- Task to complete
Using the line that contains "this 1001×1500 image." as the first line and the last line of the data as the final one, give every line in that range again exactly.

- Input data
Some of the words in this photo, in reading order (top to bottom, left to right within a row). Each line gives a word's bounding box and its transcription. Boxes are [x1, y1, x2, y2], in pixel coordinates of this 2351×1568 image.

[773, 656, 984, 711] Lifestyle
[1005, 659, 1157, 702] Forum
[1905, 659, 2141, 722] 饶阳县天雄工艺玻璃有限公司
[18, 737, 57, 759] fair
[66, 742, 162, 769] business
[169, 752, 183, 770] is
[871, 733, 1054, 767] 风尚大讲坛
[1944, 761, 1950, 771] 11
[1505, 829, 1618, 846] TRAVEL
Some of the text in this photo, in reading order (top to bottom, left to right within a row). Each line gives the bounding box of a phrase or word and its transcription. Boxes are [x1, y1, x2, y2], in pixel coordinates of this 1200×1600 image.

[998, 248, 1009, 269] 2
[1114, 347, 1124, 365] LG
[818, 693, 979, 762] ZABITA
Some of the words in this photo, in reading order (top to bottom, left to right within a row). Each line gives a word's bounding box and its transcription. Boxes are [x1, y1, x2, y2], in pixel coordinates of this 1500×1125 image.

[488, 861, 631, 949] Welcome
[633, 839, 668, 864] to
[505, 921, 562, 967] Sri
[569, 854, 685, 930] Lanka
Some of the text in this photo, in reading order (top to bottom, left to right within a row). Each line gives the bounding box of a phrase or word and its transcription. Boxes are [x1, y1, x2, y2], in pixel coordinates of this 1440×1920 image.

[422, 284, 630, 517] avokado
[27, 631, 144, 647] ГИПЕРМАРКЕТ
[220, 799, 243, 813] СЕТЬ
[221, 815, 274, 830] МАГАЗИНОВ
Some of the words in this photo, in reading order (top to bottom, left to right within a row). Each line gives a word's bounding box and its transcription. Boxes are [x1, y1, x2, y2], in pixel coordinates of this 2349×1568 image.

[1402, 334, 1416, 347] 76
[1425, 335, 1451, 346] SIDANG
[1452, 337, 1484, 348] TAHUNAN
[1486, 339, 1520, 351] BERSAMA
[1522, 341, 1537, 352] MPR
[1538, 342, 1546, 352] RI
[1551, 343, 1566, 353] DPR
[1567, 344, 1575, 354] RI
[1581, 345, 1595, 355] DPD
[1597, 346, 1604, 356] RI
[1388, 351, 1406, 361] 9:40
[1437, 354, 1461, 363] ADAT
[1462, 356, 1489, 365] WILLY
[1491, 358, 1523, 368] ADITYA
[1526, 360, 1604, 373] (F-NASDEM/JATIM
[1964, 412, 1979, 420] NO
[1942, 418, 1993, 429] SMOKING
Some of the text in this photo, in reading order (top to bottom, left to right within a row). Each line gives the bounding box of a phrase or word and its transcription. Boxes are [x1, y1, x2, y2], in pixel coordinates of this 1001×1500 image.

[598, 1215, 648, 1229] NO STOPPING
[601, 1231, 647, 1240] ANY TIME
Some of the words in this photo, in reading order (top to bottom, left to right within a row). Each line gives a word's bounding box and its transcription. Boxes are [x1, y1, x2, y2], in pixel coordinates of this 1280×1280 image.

- Answer section
Some of the text in this photo, in reading order (top to bottom, left to right within a row). Each line gives the bounding box of a phrase or word and its transcription. Boxes are [x1, y1, x2, y2], in pixel coordinates of this 1001×1500 image.

[598, 1215, 648, 1229] NO STOPPING
[601, 1231, 647, 1240] ANY TIME
Some of the words in this photo, in reading order (top to bottom, left to right within a row). Each line gives a word's bounding box and its transcription. Boxes are [x1, y1, x2, y2], in pixel coordinates of this 1280×1280 image.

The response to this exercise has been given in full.